Skip the images; return every entry exactly.

%%

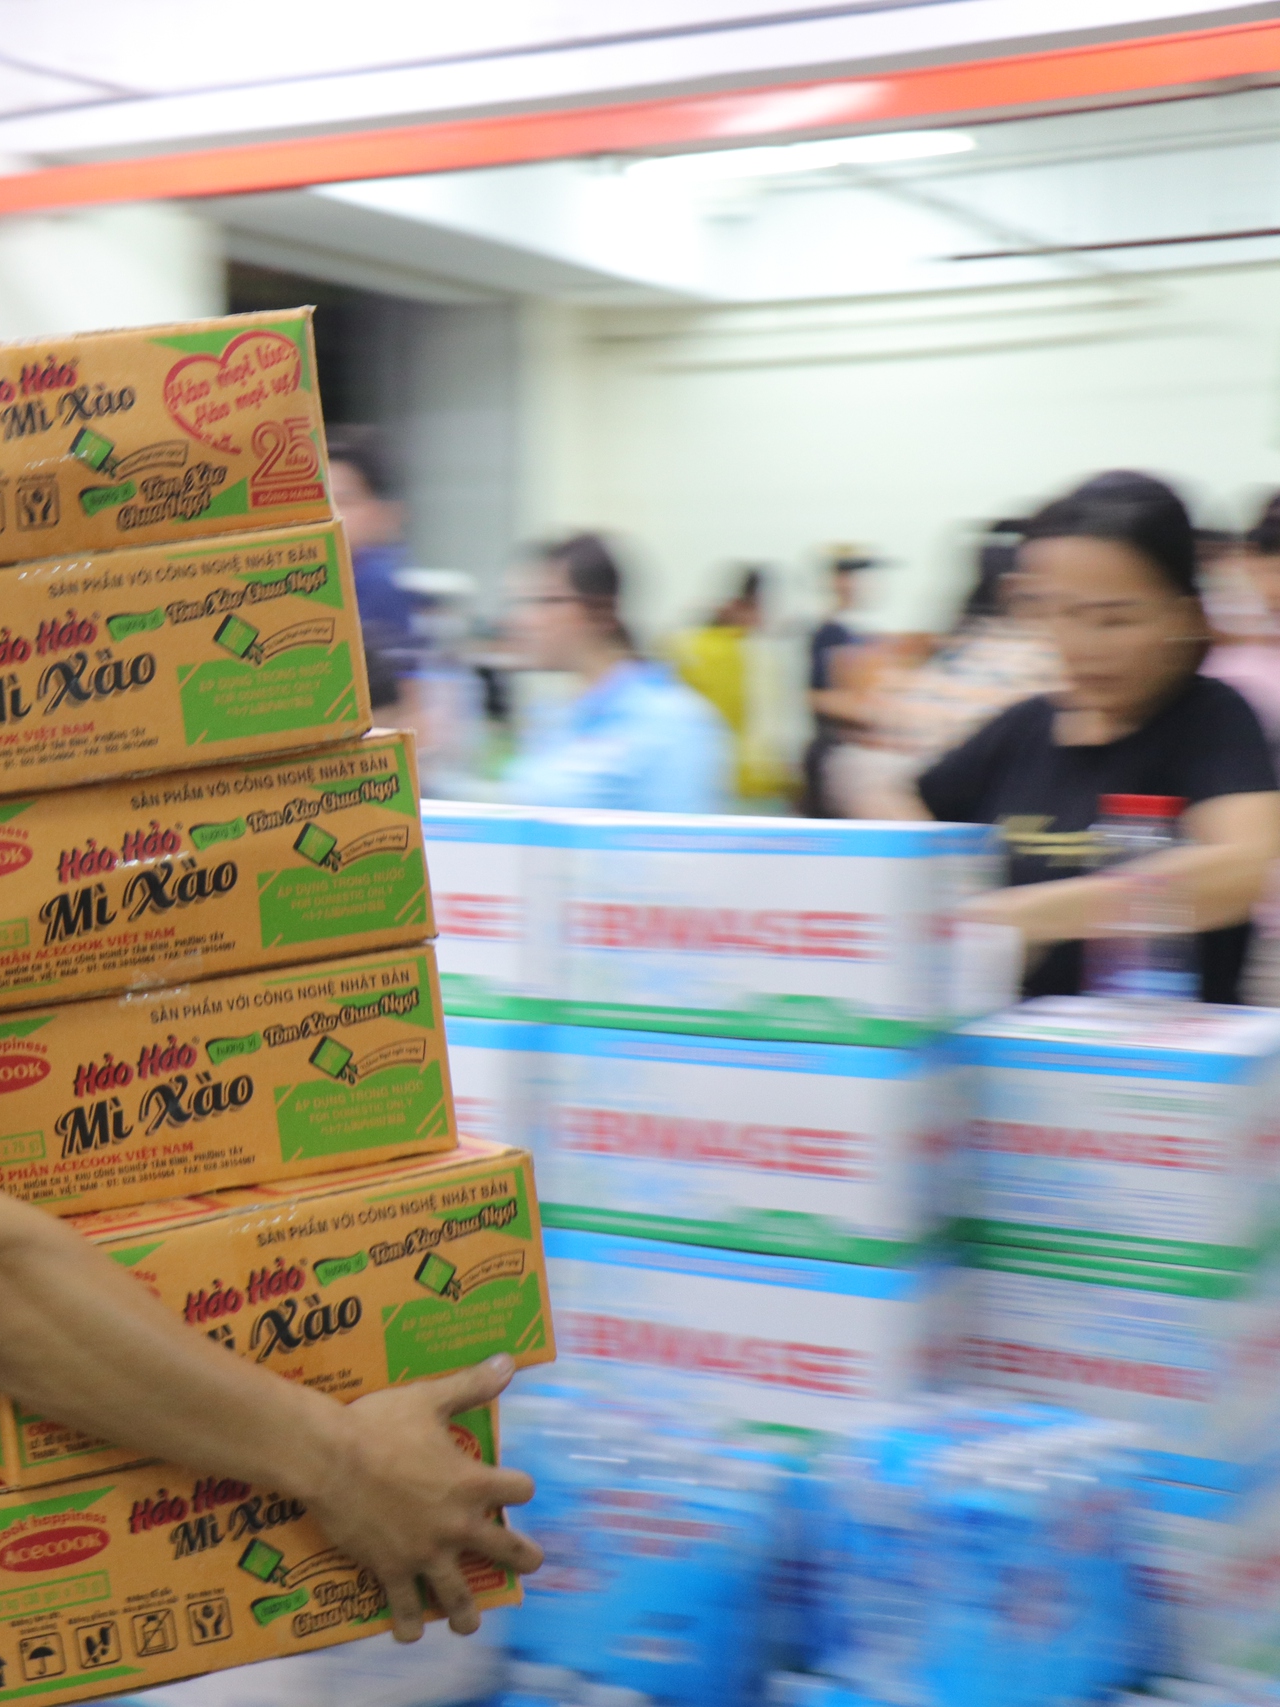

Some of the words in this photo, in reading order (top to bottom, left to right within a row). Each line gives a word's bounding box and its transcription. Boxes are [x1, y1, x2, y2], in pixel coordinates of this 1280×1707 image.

[20, 353, 80, 397] Hảo
[56, 382, 138, 429] Xào
[250, 416, 319, 490] 25
[155, 560, 197, 584] CÔNG
[36, 608, 99, 657] Hảo
[36, 648, 157, 715] Xào
[131, 791, 161, 811] SẢN
[164, 782, 204, 806] PHẨM
[207, 779, 231, 799] VỚI
[234, 774, 272, 793] CÔNG
[277, 768, 315, 786] NGHỆ
[319, 762, 356, 780] NHẬT
[360, 755, 388, 771] BẢN
[247, 808, 285, 834] Tôm
[283, 797, 322, 824] Xào
[320, 787, 362, 813] Chua
[359, 773, 400, 804] Ngọt
[58, 838, 119, 884] Hảo
[121, 820, 182, 863] Hảo
[39, 882, 118, 946] Mì
[122, 857, 239, 922] Xào
[107, 930, 139, 948] VIỆT
[143, 925, 176, 940] NAM
[150, 1003, 180, 1025] SẢN
[183, 995, 223, 1018] PHẨM
[227, 992, 251, 1012] VỚI
[254, 988, 294, 1007] CÔNG
[298, 981, 337, 1002] NGHỆ
[341, 973, 377, 994] NHẬT
[381, 968, 411, 985] BẢN
[263, 1022, 301, 1048] Tôm
[299, 1010, 339, 1039] Xào
[338, 999, 382, 1027] Chua
[379, 985, 420, 1016] Ngọt
[73, 1052, 135, 1099] Hảo
[137, 1034, 198, 1079] Hảo
[54, 1096, 135, 1160] Mì
[138, 1070, 255, 1137] Xào
[349, 1087, 389, 1104] TRONG
[7, 1162, 50, 1181] PHẦN
[53, 1154, 123, 1176] ACECOOK
[125, 1146, 158, 1164] VIỆT
[162, 1139, 195, 1155] NAM
[256, 1226, 286, 1248] SẢN
[289, 1216, 329, 1241] PHẨM
[333, 1211, 355, 1231] VỚI
[358, 1205, 398, 1225] CÔNG
[400, 1196, 439, 1220] NGHỆ
[442, 1187, 477, 1209] NHẬT
[481, 1180, 509, 1199] BẢN
[369, 1241, 406, 1267] Tôm
[404, 1227, 442, 1254] Xào
[441, 1216, 483, 1242] Chua
[479, 1198, 519, 1229] Ngọt
[183, 1278, 245, 1327] Hảo
[246, 1256, 307, 1306] Hảo
[250, 1293, 363, 1364] Xào
[31, 1508, 108, 1528] happiness
[128, 1488, 190, 1535] Hảo
[170, 1513, 225, 1561] Mì
[313, 1579, 357, 1607] Tôm
[291, 1605, 345, 1638] Chua

%%

## Answer to this task
Some of the words in this photo, in reading order (top to bottom, left to right within a row). Each line gives a word's bounding box and its transcription. Boxes are [x1, y1, x2, y2], in pixel coordinates of this 1280×1707 image.

[20, 353, 80, 397] Hảo
[56, 382, 138, 429] Xào
[250, 416, 319, 490] 25
[155, 560, 197, 584] CÔNG
[36, 608, 99, 657] Hảo
[36, 648, 157, 715] Xào
[131, 791, 161, 811] SẢN
[164, 782, 204, 806] PHẨM
[207, 779, 231, 799] VỚI
[234, 774, 272, 793] CÔNG
[277, 768, 315, 786] NGHỆ
[319, 762, 356, 780] NHẬT
[360, 755, 388, 771] BẢN
[247, 808, 285, 834] Tôm
[283, 797, 322, 824] Xào
[320, 787, 362, 813] Chua
[359, 773, 400, 804] Ngọt
[58, 838, 119, 884] Hảo
[121, 820, 182, 863] Hảo
[39, 882, 118, 946] Mì
[122, 857, 239, 922] Xào
[107, 930, 139, 948] VIỆT
[143, 925, 176, 940] NAM
[150, 1003, 180, 1025] SẢN
[183, 995, 223, 1018] PHẨM
[227, 992, 251, 1012] VỚI
[254, 988, 294, 1007] CÔNG
[298, 981, 337, 1002] NGHỆ
[341, 973, 377, 994] NHẬT
[381, 968, 411, 985] BẢN
[263, 1022, 301, 1048] Tôm
[299, 1010, 339, 1039] Xào
[338, 999, 382, 1027] Chua
[379, 985, 420, 1016] Ngọt
[73, 1052, 135, 1099] Hảo
[137, 1034, 198, 1079] Hảo
[54, 1096, 135, 1160] Mì
[138, 1070, 255, 1137] Xào
[349, 1087, 389, 1104] TRONG
[7, 1162, 50, 1181] PHẦN
[53, 1154, 123, 1176] ACECOOK
[125, 1146, 158, 1164] VIỆT
[162, 1139, 195, 1155] NAM
[256, 1226, 286, 1248] SẢN
[289, 1216, 329, 1241] PHẨM
[333, 1211, 355, 1231] VỚI
[358, 1205, 398, 1225] CÔNG
[400, 1196, 439, 1220] NGHỆ
[442, 1187, 477, 1209] NHẬT
[481, 1180, 509, 1199] BẢN
[369, 1241, 406, 1267] Tôm
[404, 1227, 442, 1254] Xào
[441, 1216, 483, 1242] Chua
[479, 1198, 519, 1229] Ngọt
[183, 1278, 245, 1327] Hảo
[246, 1256, 307, 1306] Hảo
[250, 1293, 363, 1364] Xào
[31, 1508, 108, 1528] happiness
[128, 1488, 190, 1535] Hảo
[170, 1513, 225, 1561] Mì
[313, 1579, 357, 1607] Tôm
[291, 1605, 345, 1638] Chua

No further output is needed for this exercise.